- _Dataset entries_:
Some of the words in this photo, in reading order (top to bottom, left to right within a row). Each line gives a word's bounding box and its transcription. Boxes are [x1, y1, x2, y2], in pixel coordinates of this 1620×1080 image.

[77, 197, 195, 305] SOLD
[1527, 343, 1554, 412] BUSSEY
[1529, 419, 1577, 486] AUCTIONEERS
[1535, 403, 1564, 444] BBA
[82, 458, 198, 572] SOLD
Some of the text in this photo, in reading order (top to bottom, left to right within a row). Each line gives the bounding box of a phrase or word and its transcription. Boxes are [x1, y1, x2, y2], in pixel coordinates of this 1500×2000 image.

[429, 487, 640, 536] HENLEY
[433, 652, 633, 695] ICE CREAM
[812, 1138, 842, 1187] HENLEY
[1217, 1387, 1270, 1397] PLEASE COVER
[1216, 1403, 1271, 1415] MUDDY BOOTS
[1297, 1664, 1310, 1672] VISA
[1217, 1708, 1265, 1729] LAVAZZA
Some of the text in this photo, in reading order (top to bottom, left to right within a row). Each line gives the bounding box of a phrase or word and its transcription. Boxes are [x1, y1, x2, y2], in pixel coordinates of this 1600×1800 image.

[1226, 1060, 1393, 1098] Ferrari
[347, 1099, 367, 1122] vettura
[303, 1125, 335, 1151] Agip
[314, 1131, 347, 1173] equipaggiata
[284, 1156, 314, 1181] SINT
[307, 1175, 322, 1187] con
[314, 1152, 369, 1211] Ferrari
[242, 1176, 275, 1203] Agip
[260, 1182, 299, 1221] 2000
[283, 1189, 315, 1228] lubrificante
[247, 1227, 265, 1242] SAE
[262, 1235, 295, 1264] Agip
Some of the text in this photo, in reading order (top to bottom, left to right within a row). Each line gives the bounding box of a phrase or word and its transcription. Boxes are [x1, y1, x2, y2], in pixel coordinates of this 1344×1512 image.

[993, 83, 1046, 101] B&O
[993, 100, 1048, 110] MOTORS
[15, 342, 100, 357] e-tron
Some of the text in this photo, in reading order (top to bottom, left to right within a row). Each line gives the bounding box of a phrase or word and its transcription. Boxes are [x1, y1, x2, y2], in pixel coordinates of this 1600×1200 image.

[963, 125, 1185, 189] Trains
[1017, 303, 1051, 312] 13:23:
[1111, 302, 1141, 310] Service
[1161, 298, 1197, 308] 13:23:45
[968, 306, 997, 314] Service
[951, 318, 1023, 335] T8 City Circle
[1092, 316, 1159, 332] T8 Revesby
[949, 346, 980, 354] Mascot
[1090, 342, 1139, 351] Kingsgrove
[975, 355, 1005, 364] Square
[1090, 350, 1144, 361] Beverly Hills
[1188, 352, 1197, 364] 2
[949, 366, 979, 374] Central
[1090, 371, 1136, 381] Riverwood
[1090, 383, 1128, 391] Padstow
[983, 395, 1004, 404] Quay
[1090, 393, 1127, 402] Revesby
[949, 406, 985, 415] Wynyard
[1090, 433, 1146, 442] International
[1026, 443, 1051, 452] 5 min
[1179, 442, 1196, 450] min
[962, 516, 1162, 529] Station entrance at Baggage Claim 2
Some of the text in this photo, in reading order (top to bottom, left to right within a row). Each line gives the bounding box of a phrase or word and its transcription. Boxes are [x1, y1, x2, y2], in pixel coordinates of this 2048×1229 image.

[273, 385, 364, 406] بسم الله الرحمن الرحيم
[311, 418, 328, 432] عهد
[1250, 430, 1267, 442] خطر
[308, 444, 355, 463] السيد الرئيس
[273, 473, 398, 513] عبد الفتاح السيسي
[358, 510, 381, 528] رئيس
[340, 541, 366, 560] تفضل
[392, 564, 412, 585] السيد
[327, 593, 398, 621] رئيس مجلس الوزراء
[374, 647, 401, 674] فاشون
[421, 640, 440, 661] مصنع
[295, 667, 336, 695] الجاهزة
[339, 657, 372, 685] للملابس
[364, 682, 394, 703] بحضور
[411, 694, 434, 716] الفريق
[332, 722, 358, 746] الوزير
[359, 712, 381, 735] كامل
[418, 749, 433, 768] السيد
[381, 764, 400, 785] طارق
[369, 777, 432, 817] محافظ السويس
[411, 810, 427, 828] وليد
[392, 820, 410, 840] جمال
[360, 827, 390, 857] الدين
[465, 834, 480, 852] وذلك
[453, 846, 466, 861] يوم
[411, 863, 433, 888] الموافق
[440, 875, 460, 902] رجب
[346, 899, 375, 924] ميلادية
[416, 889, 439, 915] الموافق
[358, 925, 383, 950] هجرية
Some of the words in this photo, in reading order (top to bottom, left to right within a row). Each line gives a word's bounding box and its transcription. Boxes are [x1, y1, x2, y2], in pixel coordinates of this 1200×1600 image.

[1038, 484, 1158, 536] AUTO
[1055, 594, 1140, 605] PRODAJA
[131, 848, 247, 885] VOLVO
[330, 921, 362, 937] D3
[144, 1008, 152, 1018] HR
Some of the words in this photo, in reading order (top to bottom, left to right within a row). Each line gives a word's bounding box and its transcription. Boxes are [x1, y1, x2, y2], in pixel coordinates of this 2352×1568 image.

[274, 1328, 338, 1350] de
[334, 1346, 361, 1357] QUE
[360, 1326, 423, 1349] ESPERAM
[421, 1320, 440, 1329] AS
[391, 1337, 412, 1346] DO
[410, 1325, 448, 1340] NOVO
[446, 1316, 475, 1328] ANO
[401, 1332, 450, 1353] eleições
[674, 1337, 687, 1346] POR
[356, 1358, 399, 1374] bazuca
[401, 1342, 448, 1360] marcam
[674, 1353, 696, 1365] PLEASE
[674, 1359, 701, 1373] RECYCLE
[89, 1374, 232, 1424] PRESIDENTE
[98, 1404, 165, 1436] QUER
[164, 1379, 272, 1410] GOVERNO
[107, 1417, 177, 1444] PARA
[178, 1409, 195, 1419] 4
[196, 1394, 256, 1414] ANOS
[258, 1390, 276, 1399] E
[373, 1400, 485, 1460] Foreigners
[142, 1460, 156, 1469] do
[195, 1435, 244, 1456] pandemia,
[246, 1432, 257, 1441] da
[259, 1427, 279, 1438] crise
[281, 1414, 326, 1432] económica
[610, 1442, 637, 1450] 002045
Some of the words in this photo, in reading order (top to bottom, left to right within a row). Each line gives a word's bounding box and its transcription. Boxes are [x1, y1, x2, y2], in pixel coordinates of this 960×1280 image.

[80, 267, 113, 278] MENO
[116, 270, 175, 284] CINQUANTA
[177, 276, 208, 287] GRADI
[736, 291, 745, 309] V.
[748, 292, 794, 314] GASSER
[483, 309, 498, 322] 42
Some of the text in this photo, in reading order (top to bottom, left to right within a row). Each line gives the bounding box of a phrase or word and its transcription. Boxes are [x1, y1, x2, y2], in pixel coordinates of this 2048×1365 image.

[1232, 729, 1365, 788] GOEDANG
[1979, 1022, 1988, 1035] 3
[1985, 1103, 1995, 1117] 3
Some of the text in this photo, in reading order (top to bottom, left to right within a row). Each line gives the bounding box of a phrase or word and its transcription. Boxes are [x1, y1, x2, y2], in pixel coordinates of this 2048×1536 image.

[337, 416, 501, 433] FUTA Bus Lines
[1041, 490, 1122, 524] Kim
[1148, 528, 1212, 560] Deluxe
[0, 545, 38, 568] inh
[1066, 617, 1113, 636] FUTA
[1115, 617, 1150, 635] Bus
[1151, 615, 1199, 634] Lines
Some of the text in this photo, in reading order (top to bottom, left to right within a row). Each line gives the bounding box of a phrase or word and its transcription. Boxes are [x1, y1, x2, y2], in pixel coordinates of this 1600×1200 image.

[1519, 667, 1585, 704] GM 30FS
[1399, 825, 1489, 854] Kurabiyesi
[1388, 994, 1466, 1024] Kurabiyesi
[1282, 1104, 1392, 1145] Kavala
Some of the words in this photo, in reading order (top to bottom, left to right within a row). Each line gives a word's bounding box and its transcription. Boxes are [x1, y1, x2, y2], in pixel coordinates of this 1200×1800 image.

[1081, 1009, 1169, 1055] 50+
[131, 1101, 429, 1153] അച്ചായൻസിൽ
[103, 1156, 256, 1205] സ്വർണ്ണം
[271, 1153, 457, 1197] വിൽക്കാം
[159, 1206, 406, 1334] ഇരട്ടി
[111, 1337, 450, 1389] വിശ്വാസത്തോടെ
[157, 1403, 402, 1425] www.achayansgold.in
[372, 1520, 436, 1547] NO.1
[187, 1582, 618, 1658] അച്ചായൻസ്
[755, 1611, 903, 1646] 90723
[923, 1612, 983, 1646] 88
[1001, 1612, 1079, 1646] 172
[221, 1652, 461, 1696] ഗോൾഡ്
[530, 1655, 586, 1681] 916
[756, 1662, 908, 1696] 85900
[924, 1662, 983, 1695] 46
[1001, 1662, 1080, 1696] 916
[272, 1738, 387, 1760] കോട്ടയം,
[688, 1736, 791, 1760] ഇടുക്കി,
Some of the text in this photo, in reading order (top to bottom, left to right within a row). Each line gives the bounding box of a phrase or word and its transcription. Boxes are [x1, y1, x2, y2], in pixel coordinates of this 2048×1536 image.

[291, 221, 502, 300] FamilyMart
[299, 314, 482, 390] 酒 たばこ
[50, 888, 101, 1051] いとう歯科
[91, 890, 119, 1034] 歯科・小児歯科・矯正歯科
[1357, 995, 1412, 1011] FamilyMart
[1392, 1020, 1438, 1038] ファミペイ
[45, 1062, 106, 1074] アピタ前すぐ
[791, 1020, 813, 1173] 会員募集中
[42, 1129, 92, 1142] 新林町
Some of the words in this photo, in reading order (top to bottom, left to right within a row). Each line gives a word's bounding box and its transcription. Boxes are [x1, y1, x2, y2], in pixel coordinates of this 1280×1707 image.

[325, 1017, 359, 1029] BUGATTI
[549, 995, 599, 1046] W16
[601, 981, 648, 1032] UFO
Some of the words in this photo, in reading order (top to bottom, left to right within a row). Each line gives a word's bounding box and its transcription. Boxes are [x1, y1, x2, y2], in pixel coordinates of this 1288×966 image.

- _EXERCISE AIM_:
From the line with "this 1280×1707 image." through the final line of the records, return each line exactly. Leave out the rest.

- _SOLUTION TO THE EXERCISE_:
Some of the words in this photo, in reading order (top to bottom, left to right within a row). Each line gives a word's bounding box and its transcription. Boxes are [x1, y1, x2, y2], in pixel coordinates of this 1280×1707 image.

[325, 1017, 359, 1029] BUGATTI
[549, 995, 599, 1046] W16
[601, 981, 648, 1032] UFO
Some of the words in this photo, in reading order (top to bottom, left to right within a row). Each line gives a word's bounding box and its transcription. Boxes are [x1, y1, x2, y2], in pixel coordinates of this 1288×966 image.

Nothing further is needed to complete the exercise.